The direct myocardial protective effects of intracoronary infusions of cromakalim and pinacidil were determined in an anesthetized canine model of coronary occlusion and reperfusion. The left circumflex coronary artery was occluded for 90 minutes and reperfused for 5 hours, at which time the infarct size was determined. Cromakalim (0.1 micrograms/kg/min) or pinacidil (0.09 micrograms/kg/min) were infused into the left circumflex coronary artery starting 10 minutes preischemia. Cromakalim significantly reduced infarct size as a percent of the left ventricular area at risk (25 +/- 5%) compared with vehicle controls (55 +/- 7%). Pinacidil did not reduce infarct size at an equimolar dose, but at the higher dose also significantly reduced infarct size. Collateral blood flow was not significantly altered by either drug, though reperfusion flow was significantly higher in cromakalim-treated animals, particularly in the subepicardial region. When the same dose of cromakalim was given starting 2 minutes before the initiation of reperfusion, no significant beneficial effect of cromakalim was observed.
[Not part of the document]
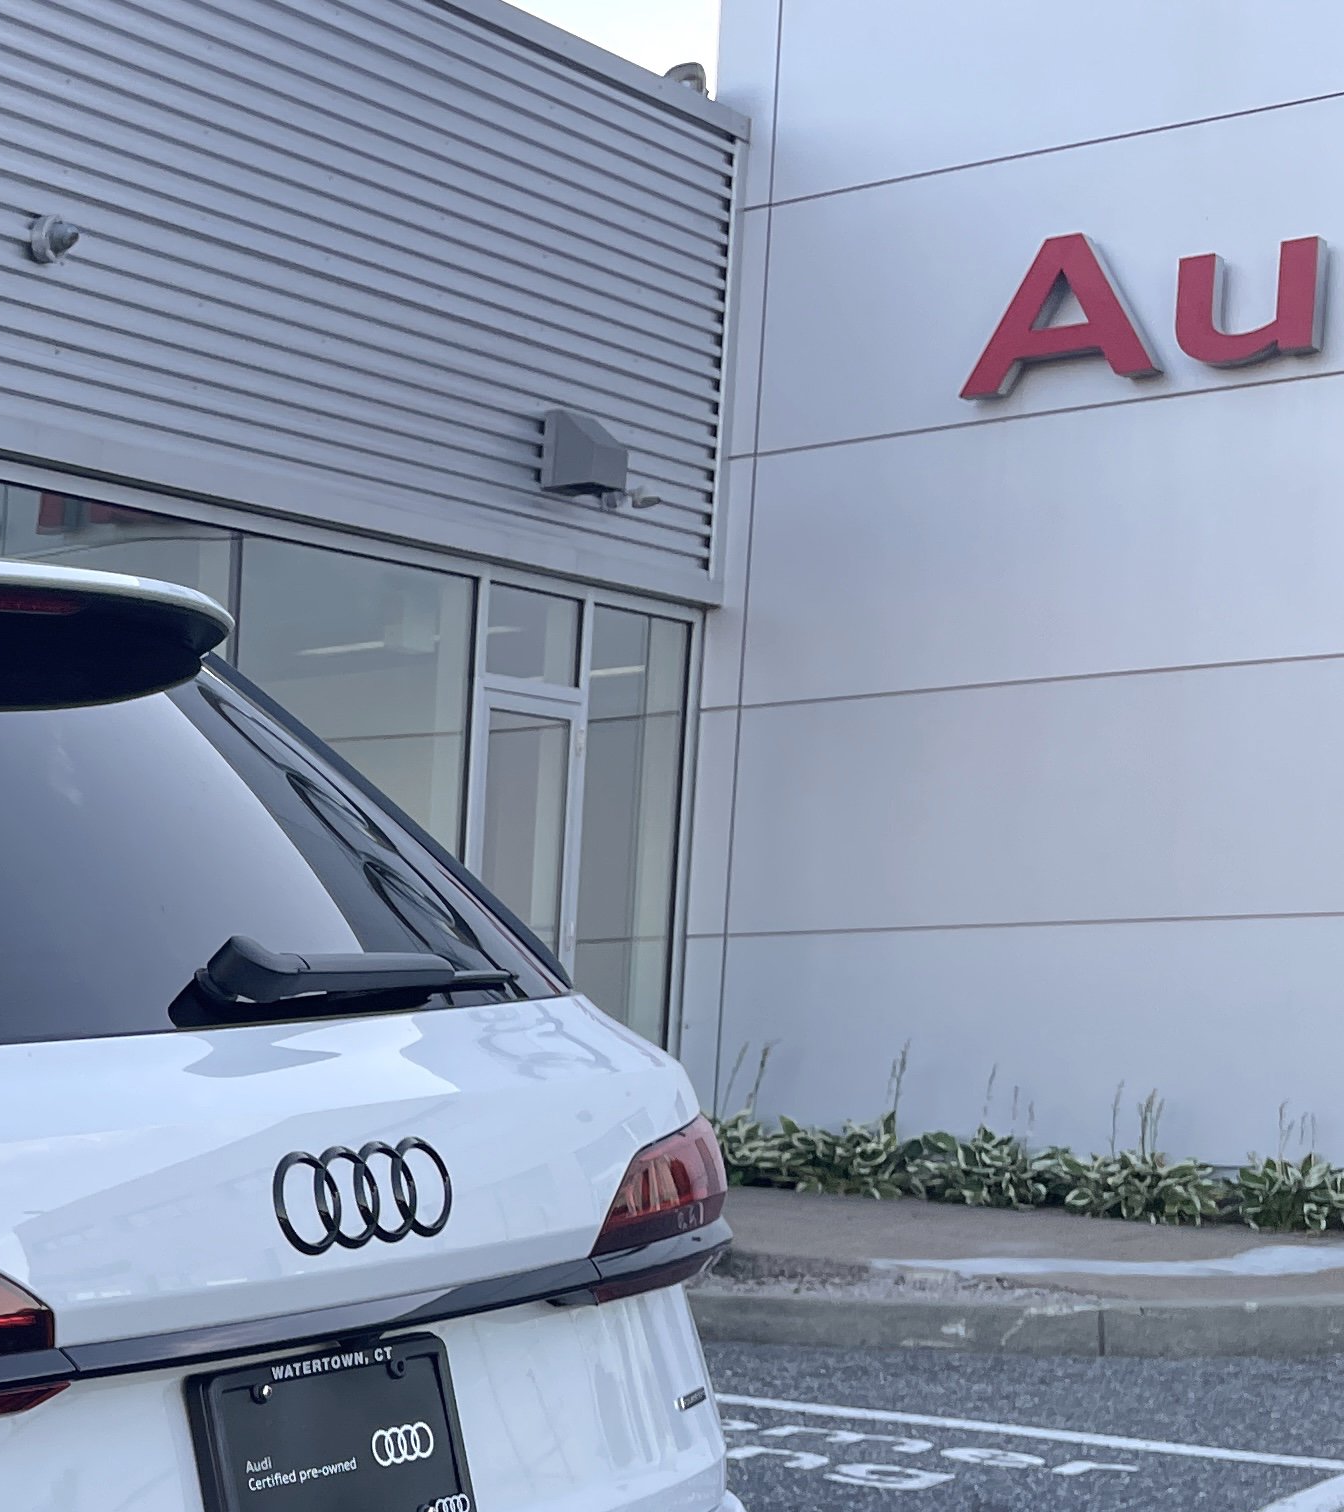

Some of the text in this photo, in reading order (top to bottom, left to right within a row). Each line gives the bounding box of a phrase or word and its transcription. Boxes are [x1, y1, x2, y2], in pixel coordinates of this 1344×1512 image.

In another study, isolated buffer-perfused rat hearts were subjected to 25 minutes of global ischemia and 30 minutes of reperfusion. These hearts were treated with 7 microM cromakalim, either starting 10 minutes before ischemia or only during reperfusion, and its effect on reperfusion function and LDH release were determined. Cromakalim pretreatment (both when given throughout the experiment and when not present in the reperfusion buffer) resulted in significant improvements in the reperfusion function. Reperfusion contracture and LDH were also significantly reduced with this treatment. When given only during reperfusion, cromakalim did not reduce the severity of ischemia when compared with vehicle controls. Thus, both cromakalim and pinacidil reduce ischemic/reperfusion injury, though the timing of treatment may be important.